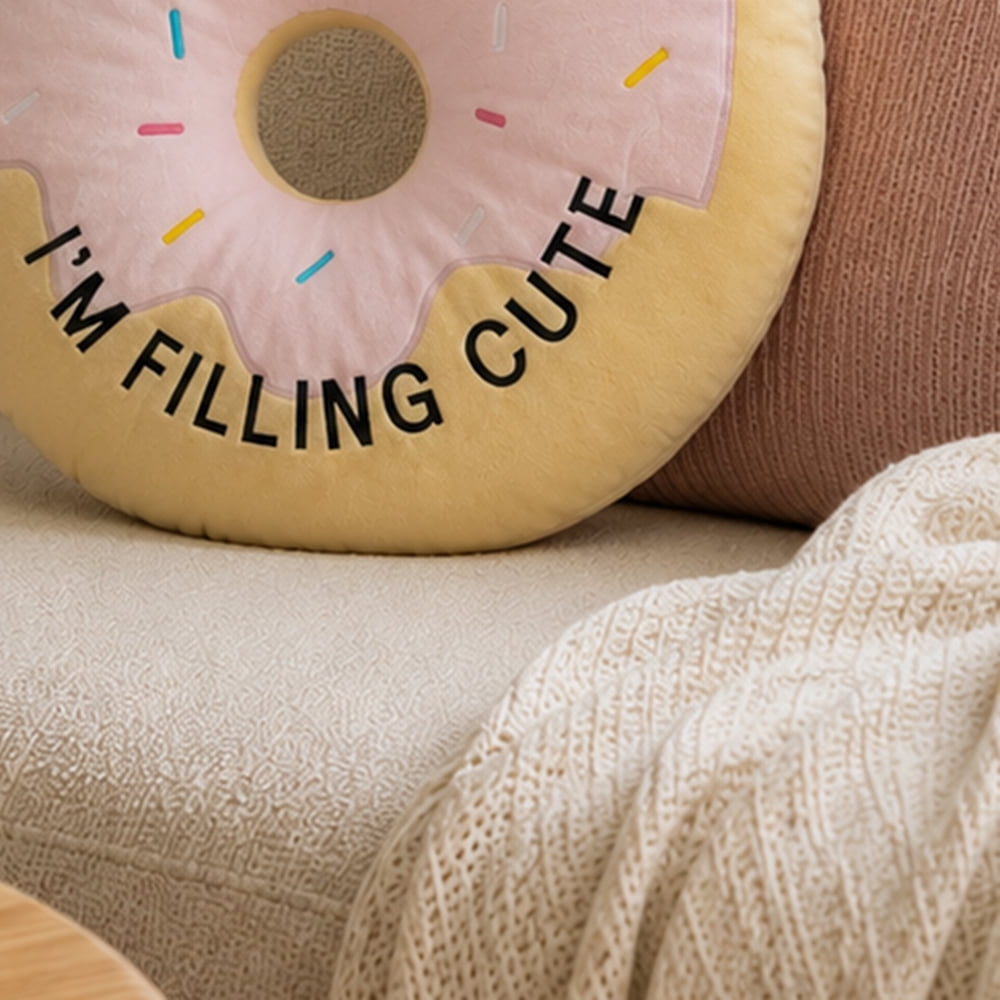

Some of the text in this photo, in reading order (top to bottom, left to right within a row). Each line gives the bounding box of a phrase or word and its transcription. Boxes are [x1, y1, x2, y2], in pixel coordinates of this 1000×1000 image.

[23, 175, 646, 452] I'M FILLING CUTE
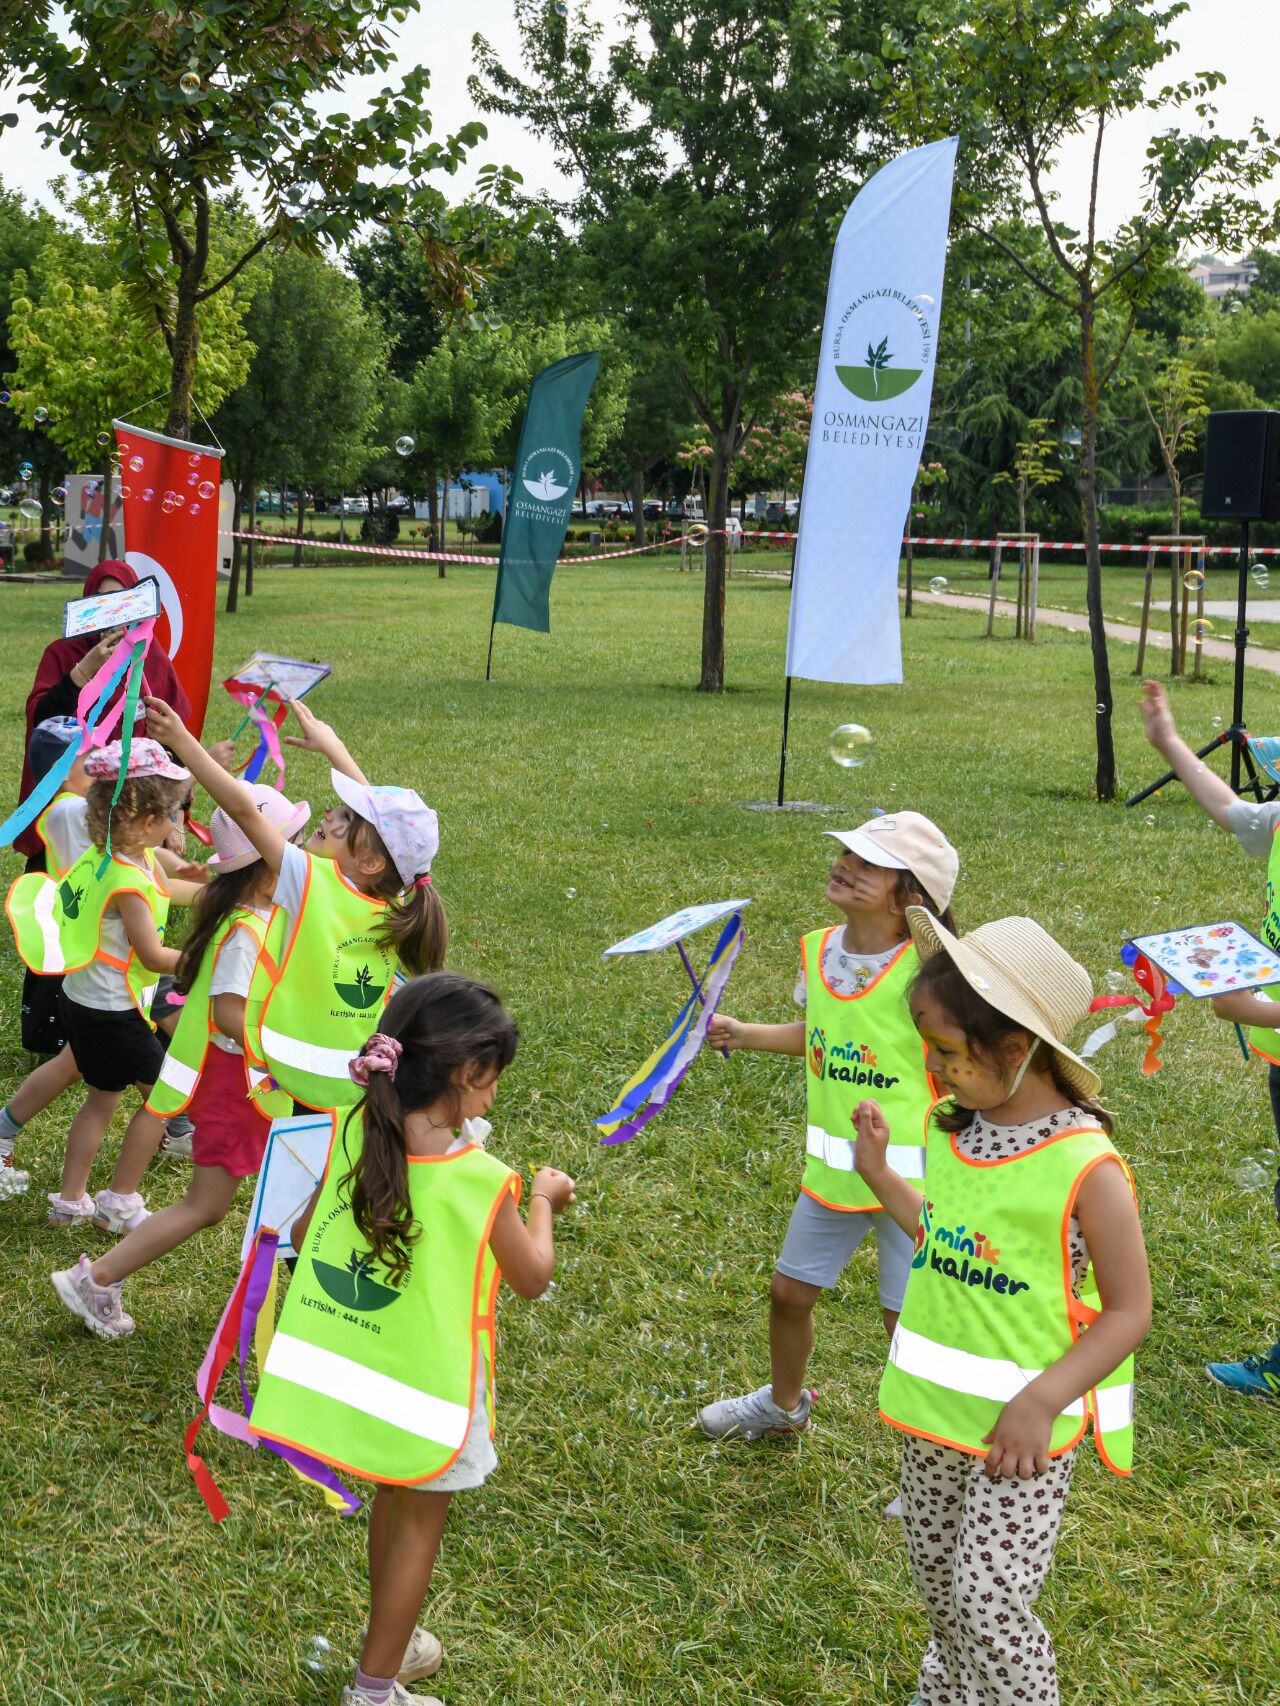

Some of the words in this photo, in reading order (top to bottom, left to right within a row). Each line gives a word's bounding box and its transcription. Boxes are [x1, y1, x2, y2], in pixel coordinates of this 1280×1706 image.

[833, 325, 845, 360] BURSA
[841, 288, 892, 323] OSMANGAZİ
[921, 343, 931, 364] 1987
[824, 411, 924, 433] OSMANGAZİ
[822, 430, 921, 449] BELEDİYESİ
[830, 1041, 878, 1068] minik
[828, 1062, 900, 1089] kalpler
[311, 1221, 330, 1253] BURSA
[935, 1225, 1001, 1265] minik
[930, 1248, 1030, 1296] kalpler
[342, 1312, 359, 1324] 444
[360, 1319, 371, 1330] 16
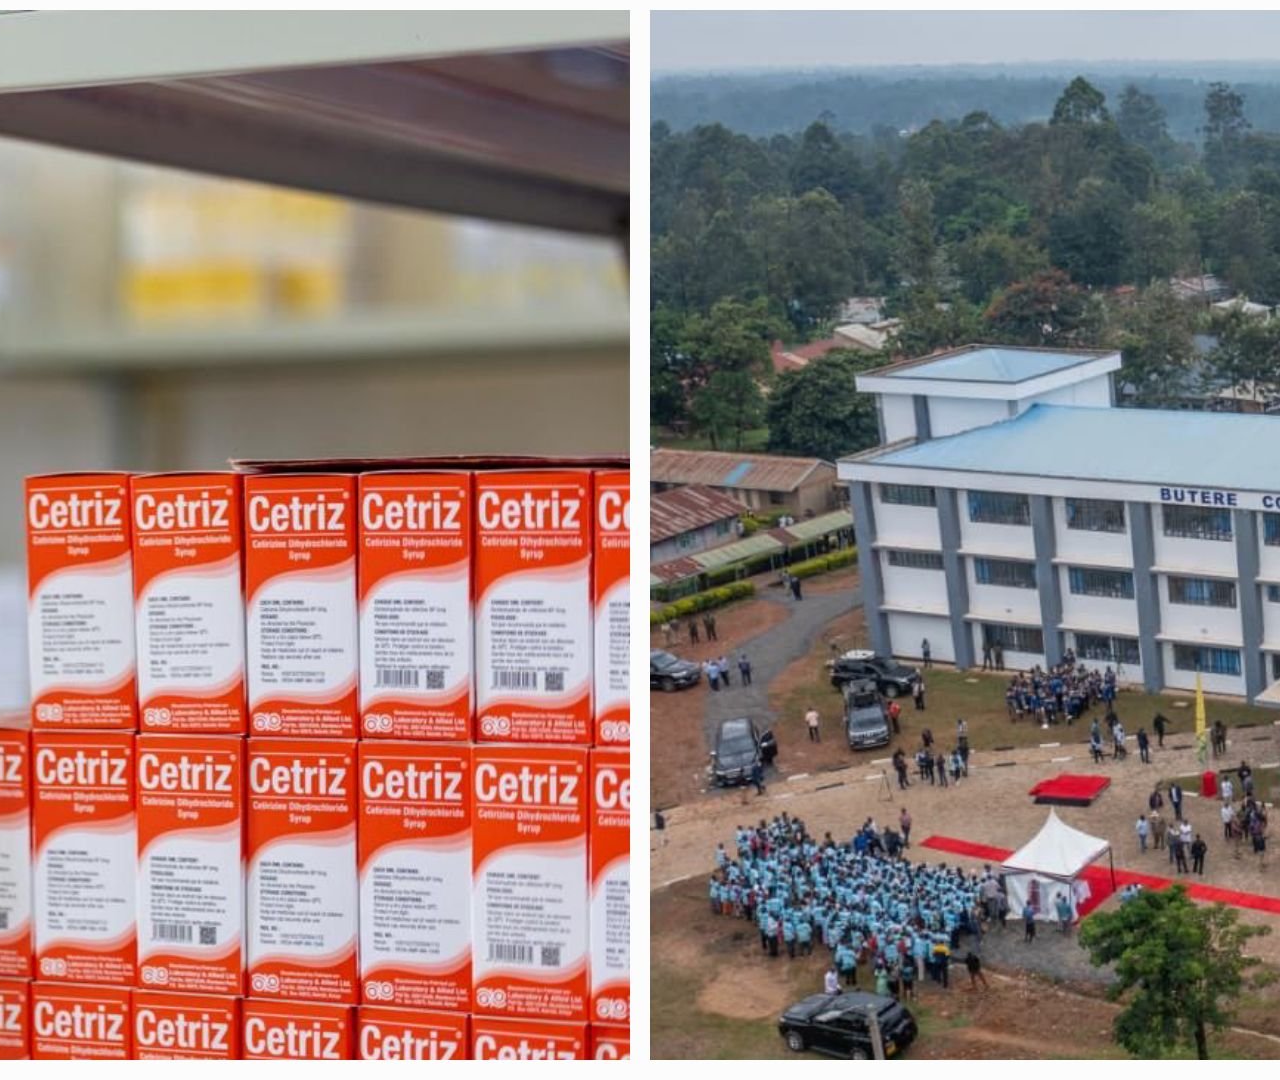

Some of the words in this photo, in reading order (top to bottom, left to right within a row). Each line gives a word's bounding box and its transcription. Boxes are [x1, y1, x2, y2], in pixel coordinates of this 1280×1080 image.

[29, 492, 122, 529] Cetriz
[135, 492, 228, 530] Cetriz
[249, 494, 344, 532] Cetriz
[362, 492, 461, 531] Cetriz
[479, 490, 580, 530] Cetriz
[1160, 488, 1238, 506] BUTERE
[36, 748, 126, 785] Cetriz
[139, 753, 232, 792] Cetriz
[250, 757, 346, 795] Cetriz
[362, 761, 463, 800] Cetriz
[475, 763, 578, 805] Cetriz
[34, 1001, 124, 1041] Cetriz
[136, 1009, 228, 1050] Cetriz
[245, 1018, 340, 1059] Cetriz
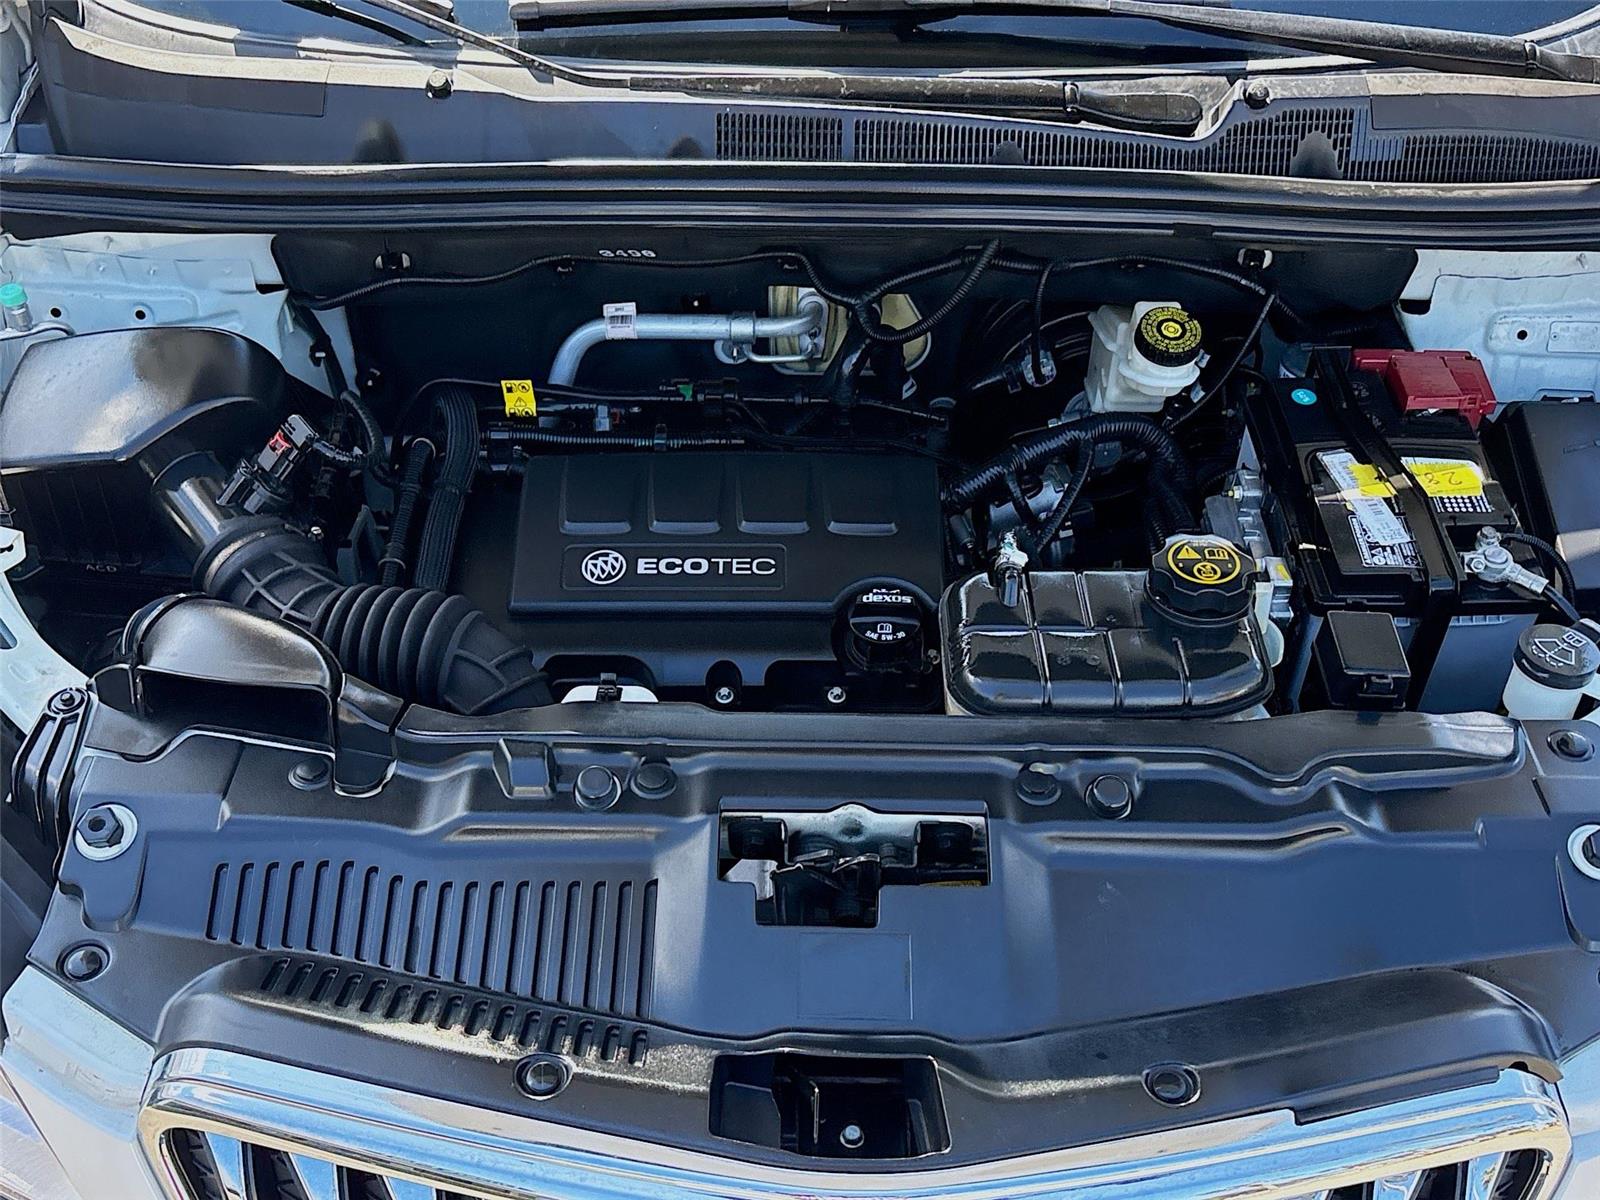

## What the exercise asks
Every entry above should be duplicated exactly. Do not include the images.

## Task output
Some of the text in this photo, in reading order (top to bottom, left to right within a row). Each line gives the bounding box of a phrase or word and its transcription. Boxes are [x1, y1, x2, y2], in pixel coordinates of this 1000×1000 image.

[23, 175, 646, 452] I'M FILLING CUTE

Some of the words in this photo, in reading order (top to bottom, left to right within a row). Each line gives a word's bounding box and its transcription. Boxes are [x1, y1, x2, y2], in pixel coordinates of this 1280×1706 image.

[833, 325, 845, 360] BURSA
[841, 288, 892, 323] OSMANGAZİ
[921, 343, 931, 364] 1987
[824, 411, 924, 433] OSMANGAZİ
[822, 430, 921, 449] BELEDİYESİ
[830, 1041, 878, 1068] minik
[828, 1062, 900, 1089] kalpler
[311, 1221, 330, 1253] BURSA
[935, 1225, 1001, 1265] minik
[930, 1248, 1030, 1296] kalpler
[342, 1312, 359, 1324] 444
[360, 1319, 371, 1330] 16

Some of the words in this photo, in reading order (top to bottom, left to right within a row). Each line gives a word's bounding box and its transcription. Boxes are [x1, y1, x2, y2], in pixel coordinates of this 1280×1080 image.

[29, 492, 122, 529] Cetriz
[135, 492, 228, 530] Cetriz
[249, 494, 344, 532] Cetriz
[362, 492, 461, 531] Cetriz
[479, 490, 580, 530] Cetriz
[1160, 488, 1238, 506] BUTERE
[36, 748, 126, 785] Cetriz
[139, 753, 232, 792] Cetriz
[250, 757, 346, 795] Cetriz
[362, 761, 463, 800] Cetriz
[475, 763, 578, 805] Cetriz
[34, 1001, 124, 1041] Cetriz
[136, 1009, 228, 1050] Cetriz
[245, 1018, 340, 1059] Cetriz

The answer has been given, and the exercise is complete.